Wealth Management Is More than Investing

YOUNGSTOWN – Through all the ups and downs of 2020, it was wealth management advisers’ skills beyond investing that helped clients through the disruptive year. 

While the profession’s most visible skill is often helping clients assemble portfolios that generate money, that isn’t the full scope of their abilities.

“People want to be prepared. So I’ve seen that more than anything. It’s been a chance to talk about the financial planning side of things,” says Kelcie Schiraldi, owner of Living Stone Wealth Management in Columbiana.

“They thought about if they had everything in place should, God forbid, something would happen,” she continues. “People saw family members passing away or getting sick. It forced them to reevaluate things like life insurance or add in a scenario to their plan for an unexpected death. We could talk about these things, whereas before we’d bring it up but the feeling was, ‘That’s never going to happen.’ Once we saw the pandemic, people realized they needed to talk about it.”

Coming into the new year and the approaching end of the pandemic, the focus now is on rebuilding, both in terms of confidence and what’s in a portfolio. Last year saw more upended than just the stock market, says Robert Jazwinski, founder and president of JFS Wealth Advisors in Hermitage, Pa.

“It affected our lives and lifestyles. A big part of succeeding in anything is resilience and being able to bounce back. That’s what I saw in 2020. We had a huge equity market decline in a short period of time and lives were disrupted as work-from-home rules took place,” he says. “It’s so important to always be prepared for unexpected, adverse developments.”

If portfolios were well-constructed before the stock market crashed at the onset of the pandemic, explains Ryan Glinn, they were set to weather at least some of the storm. Bonds are a crucial part of plans, the W3 Wealth Management financial adviser continues, because they tend to be more stable than equities.

“Bonds help smooth the ride. When the market was down 33%, the bond market was essentially flat. That buoyed our portfolios,” he says. “An entirely equity portfolio may have been down 35%, while a 50-50 or 60-40 [stock to bond] ratio may have been down 12% or 16%. That’s a lot less pain.”

But the biggest lesson may have been what wealth management advisers have preached for years: stick to the plan. By year’s end, the S&P 500 was up 16% from where it started 2020.

“The folks who got hurt in 2020 are the ones who made big moves in March or early April,” Glinn says. “The ones who backed out and missed the recovery are the ones hurting.”

The crash was also a chance to reassess portfolios, Schiraldi says, and gauge how comfortable clients really were with their plans.

“People who had a very aggressive investment objective, when they saw the market go down 30%, they took a step back,” she says. “From the investment side, it was a great chance to reassess investment objectives and see if they were OK with standing the losses they saw.”   

Looking ahead, wealth managers are anticipating the economic recovery from the coronavirus pandemic. After a year of explosive growth by tech companies – especially those that benefited from the shift to remote work – those stock prices are likely to correct, Jazwinski says.

“When you get into a period like this, investors tend to want to chase returns.
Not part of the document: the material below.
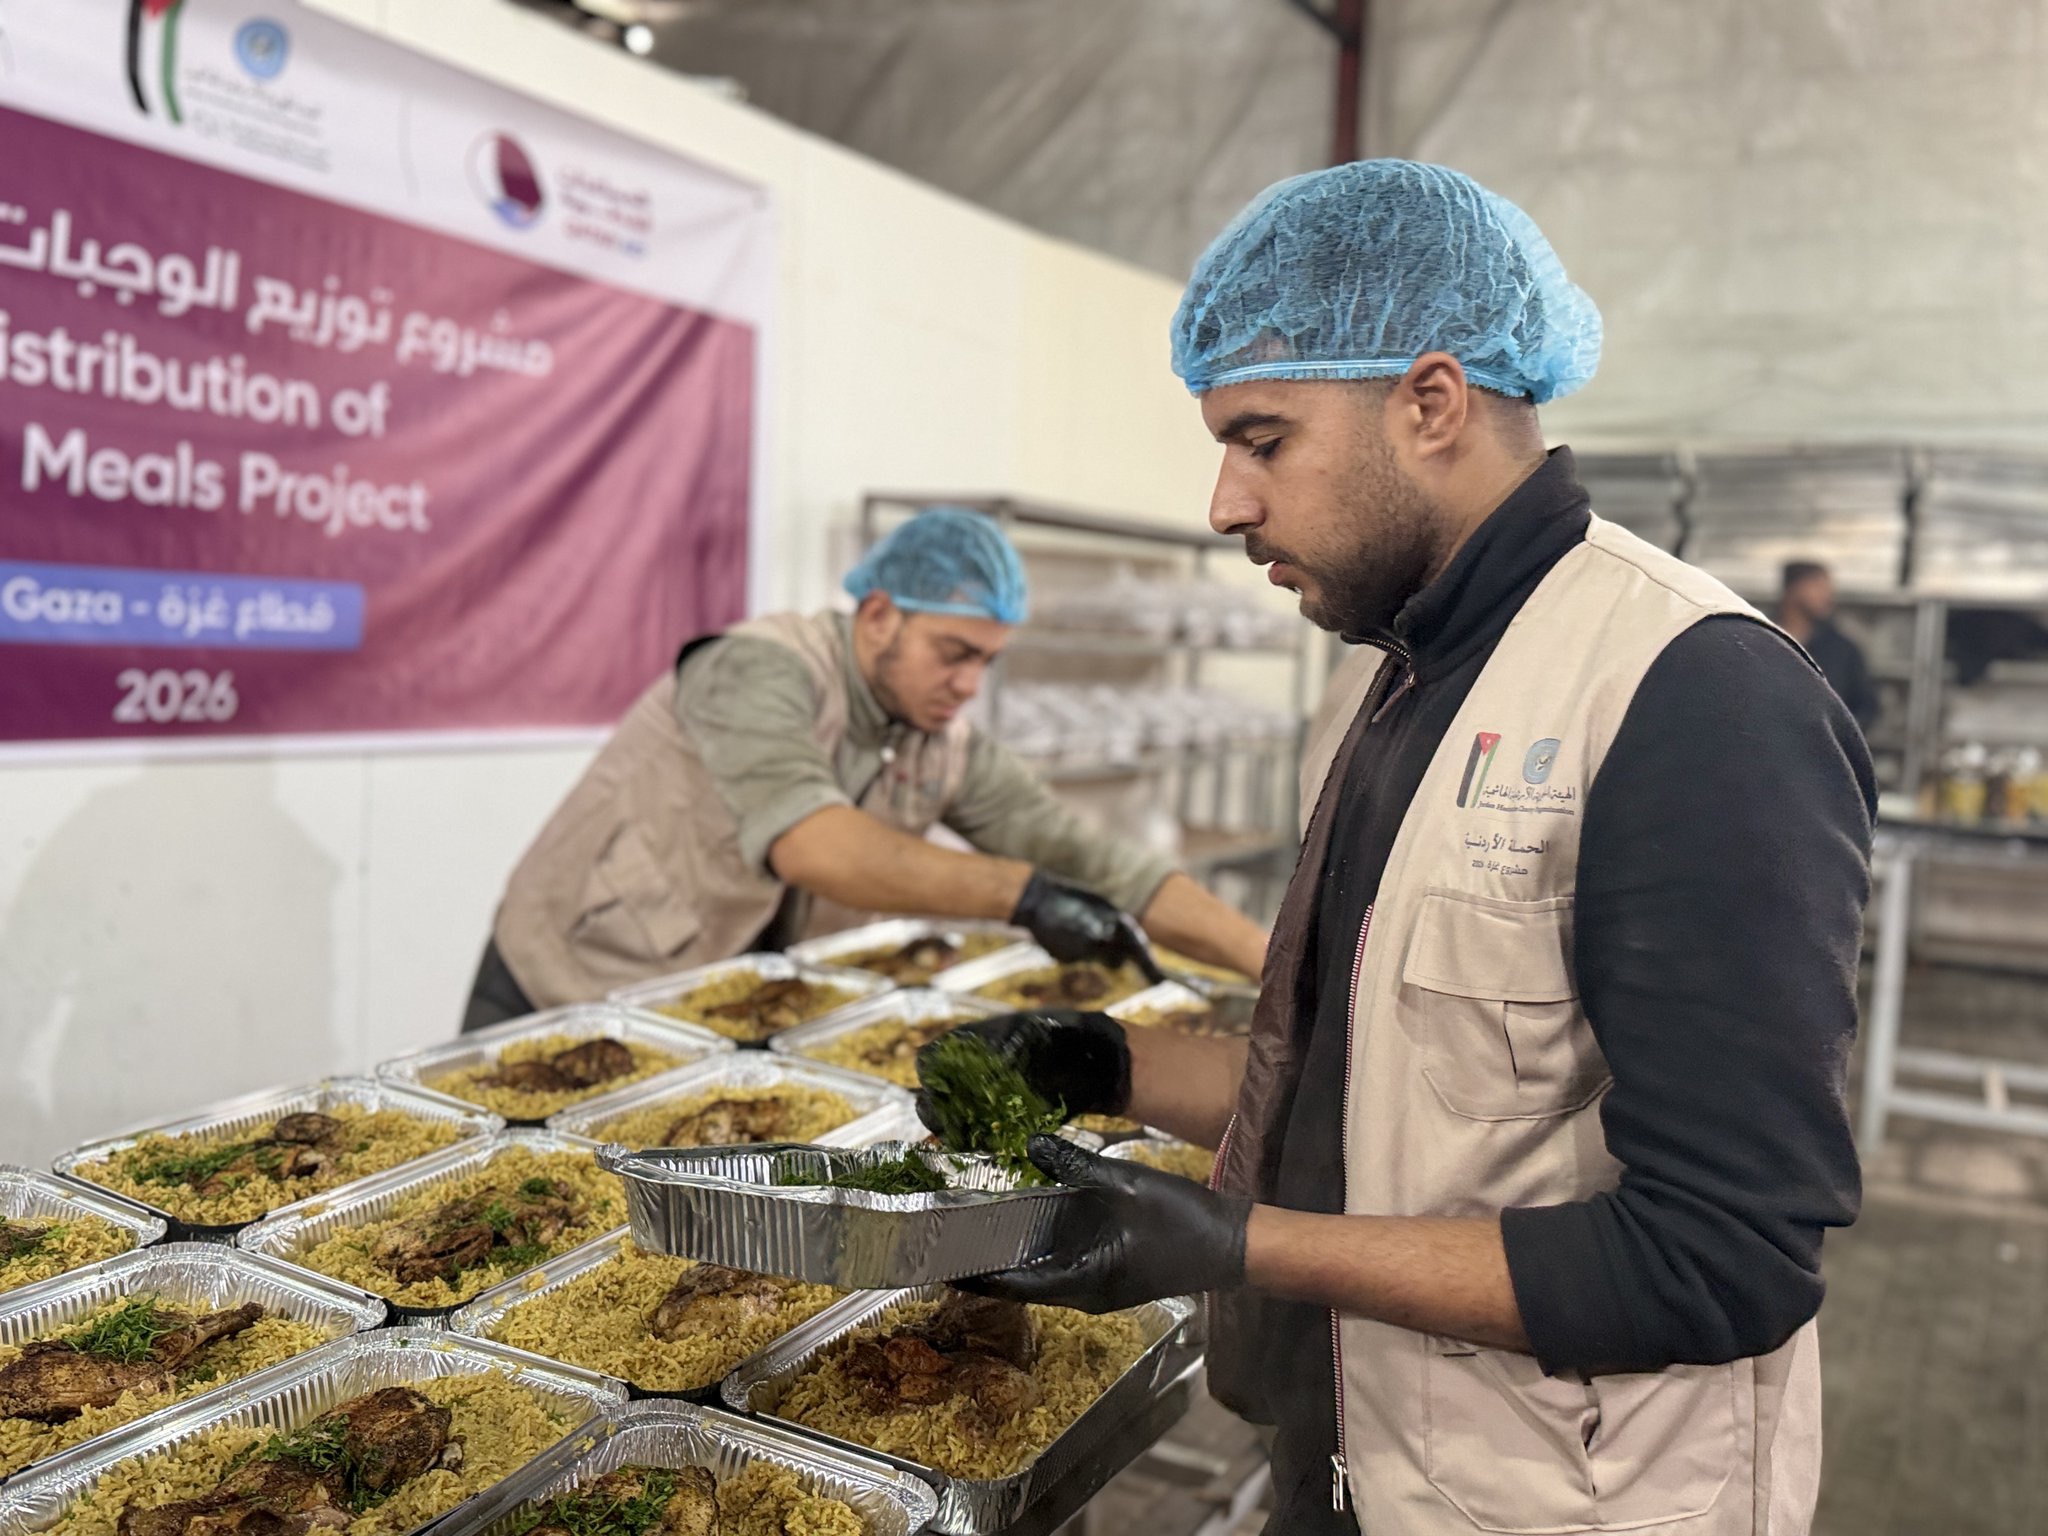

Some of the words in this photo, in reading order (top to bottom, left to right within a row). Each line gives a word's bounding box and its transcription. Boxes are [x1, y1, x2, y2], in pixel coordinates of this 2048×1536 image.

What looks best over the past five years is clearly technology and growth stocks. But it’s unlikely they’ll be the best-performing sector going forward,” Jazwinski says. “I’d urge stock investors to not chase performance because I think we’ll see better performance from areas that got beat up pretty bad during the pandemic and are now recovering.”

There’s also the matter of how the federal government will pay for its multi-trillion dollar relief bills over the past year. While the sense now is that such spending is necessary, the bills will still need to be paid at some point. Speculation over inflation, Glinn says, could drive down returns on bonds.
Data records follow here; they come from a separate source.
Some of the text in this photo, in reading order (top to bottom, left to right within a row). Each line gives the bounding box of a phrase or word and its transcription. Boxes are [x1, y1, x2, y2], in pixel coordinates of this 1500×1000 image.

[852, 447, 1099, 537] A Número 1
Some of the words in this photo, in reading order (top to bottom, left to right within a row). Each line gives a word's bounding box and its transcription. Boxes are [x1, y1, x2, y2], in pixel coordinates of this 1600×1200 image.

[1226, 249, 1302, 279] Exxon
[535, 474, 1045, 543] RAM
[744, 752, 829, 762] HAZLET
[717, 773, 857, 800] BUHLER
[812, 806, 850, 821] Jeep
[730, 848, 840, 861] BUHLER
“You’re seeing the bond market taking a hit because of this anticipation of increased interest rates and potential inflation,” he says.

But whatever 2021 – and beyond – holds, the lessons of the past year are important to remember.
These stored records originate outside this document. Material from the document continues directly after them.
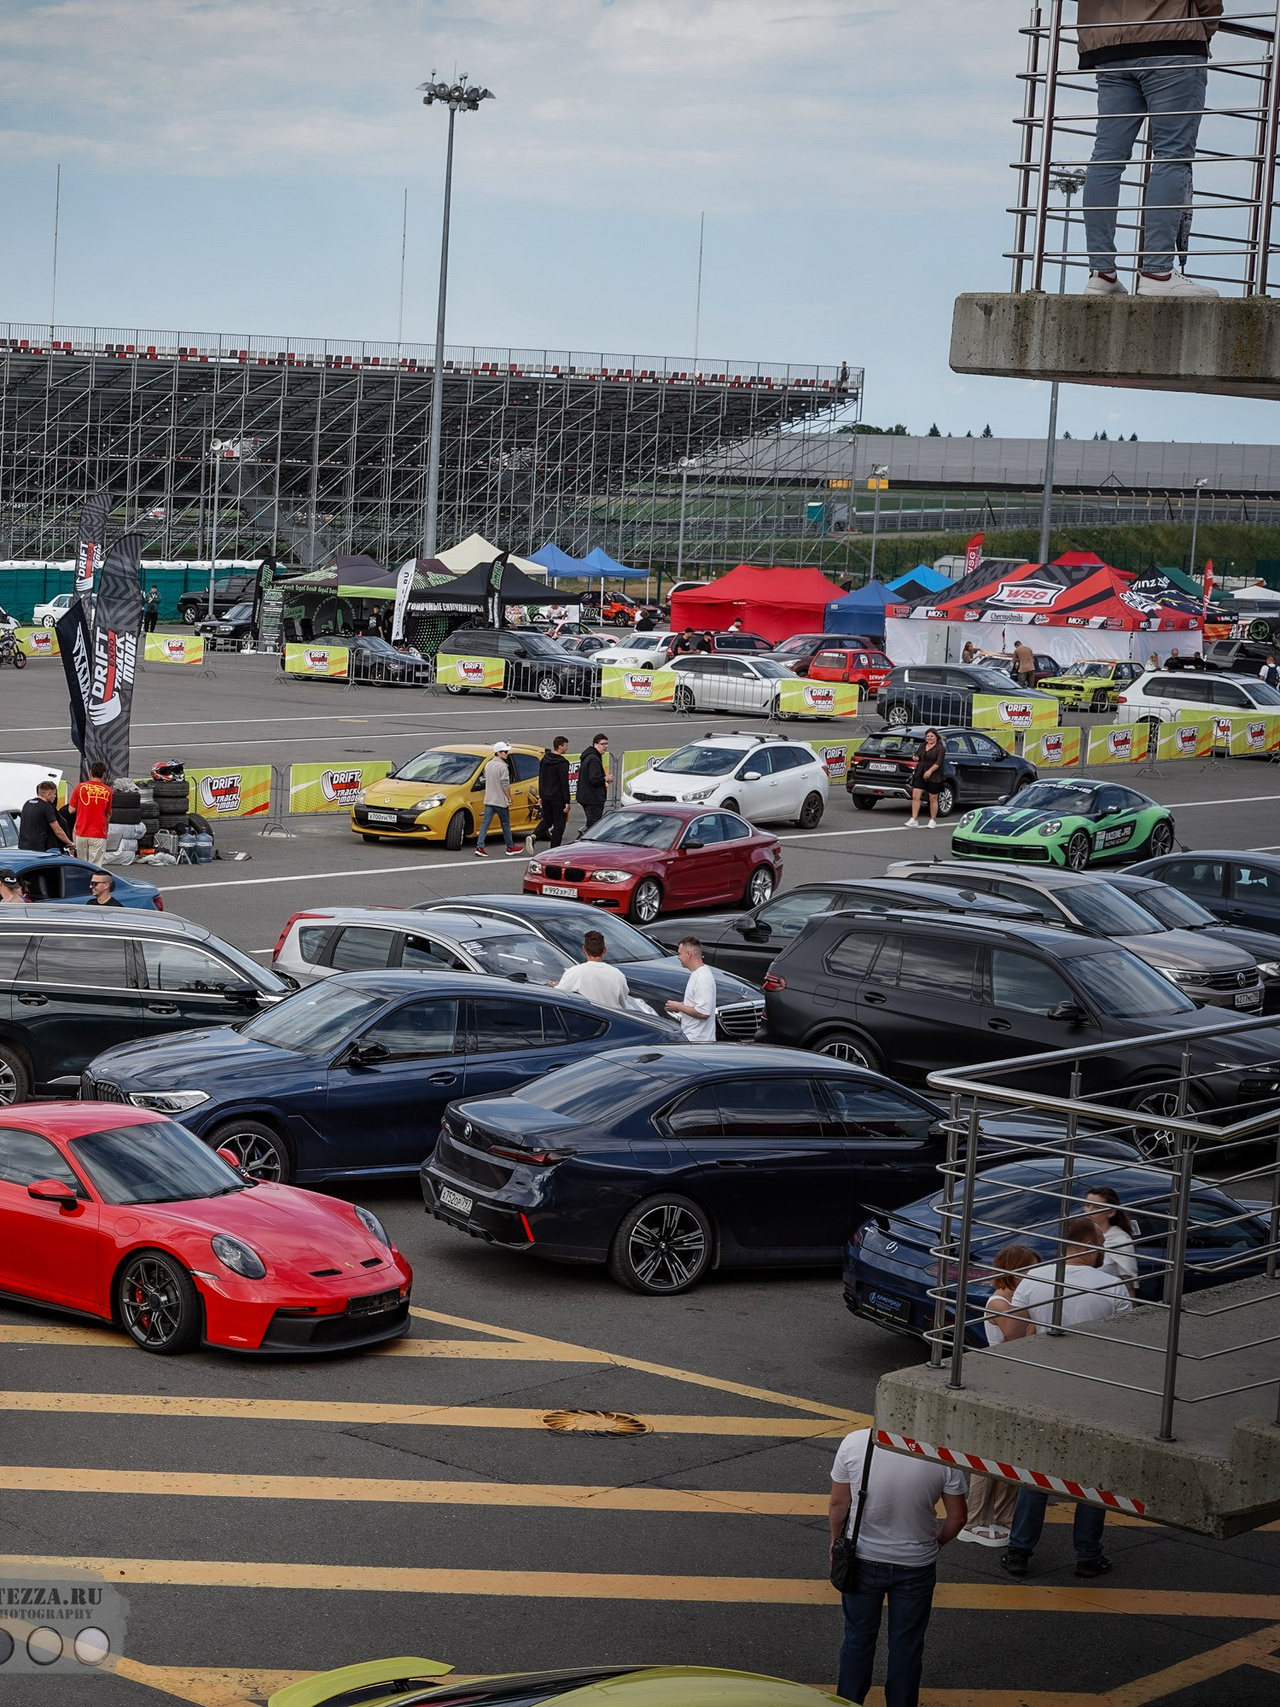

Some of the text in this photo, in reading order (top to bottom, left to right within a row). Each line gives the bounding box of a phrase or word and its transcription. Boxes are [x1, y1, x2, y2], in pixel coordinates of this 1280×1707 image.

[78, 541, 88, 578] DRIFT
[1006, 589, 1049, 600] WSG
[407, 602, 442, 611] ГОНОЧНЫЕ
[92, 626, 108, 699] DRIFT
[115, 634, 125, 690] TRACK
[123, 631, 137, 684] MODE
[1008, 704, 1031, 712] DRIFT
[826, 748, 846, 758] DRIFT
[212, 776, 239, 790] DRIFT
[333, 771, 360, 784] DRIFT
[337, 789, 360, 797] TRACK
[1030, 783, 1093, 794] PORSCHE
[216, 793, 239, 802] TRACK
“It’s about building up confidence again. 2020 hit people really hard in a number of ways – financially, emotionally,” Schiraldi says. “Coming into the new year, a lot of people’s goal is to build confidence in their financial plans, in their finances, in their jobs. [Wealth management] isn’t always just investment management and picking the best stocks. It can be focusing on the other services in the wealth management world like insurance planning and tax planning.”